> [Records for processing]
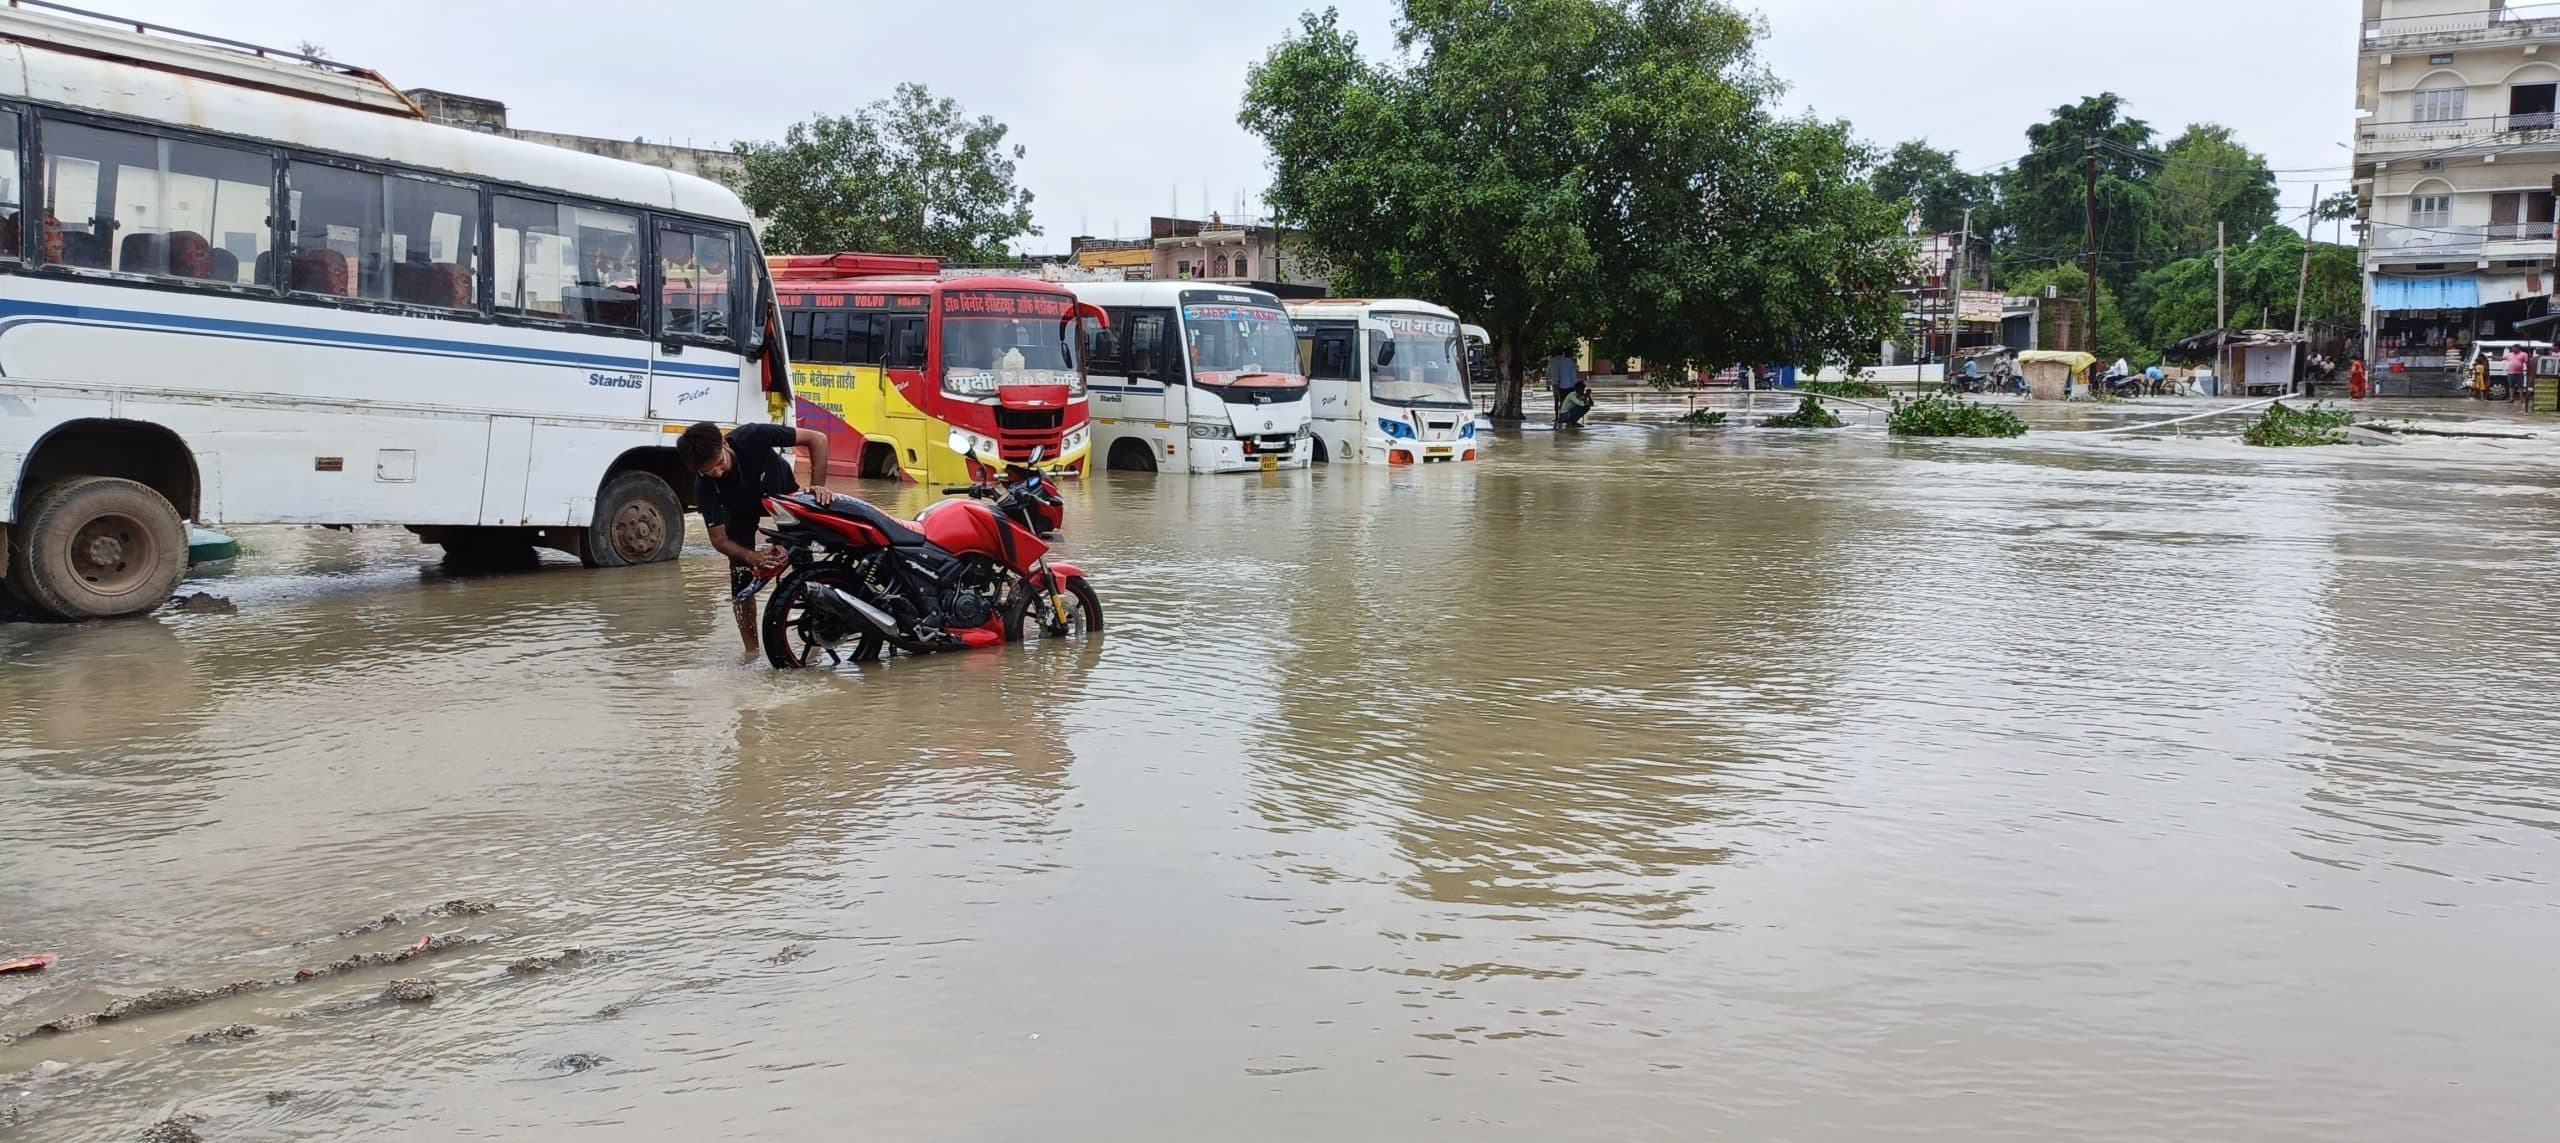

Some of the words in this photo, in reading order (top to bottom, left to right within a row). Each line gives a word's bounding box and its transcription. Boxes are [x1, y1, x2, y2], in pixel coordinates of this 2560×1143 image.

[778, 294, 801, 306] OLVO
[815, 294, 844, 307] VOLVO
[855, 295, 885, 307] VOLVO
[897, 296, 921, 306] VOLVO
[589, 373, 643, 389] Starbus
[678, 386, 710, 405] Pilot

> [Requirement]
The records above need to be copied exactly, with the pictures left out.

> [Expected output]
Some of the words in this photo, in reading order (top to bottom, left to right within a row). Each line gives a word's bounding box and its transcription. Boxes are [x1, y1, x2, y2], in pixel coordinates of this 2560×1143 image.

[778, 294, 801, 306] OLVO
[815, 294, 844, 307] VOLVO
[855, 295, 885, 307] VOLVO
[897, 296, 921, 306] VOLVO
[589, 373, 643, 389] Starbus
[678, 386, 710, 405] Pilot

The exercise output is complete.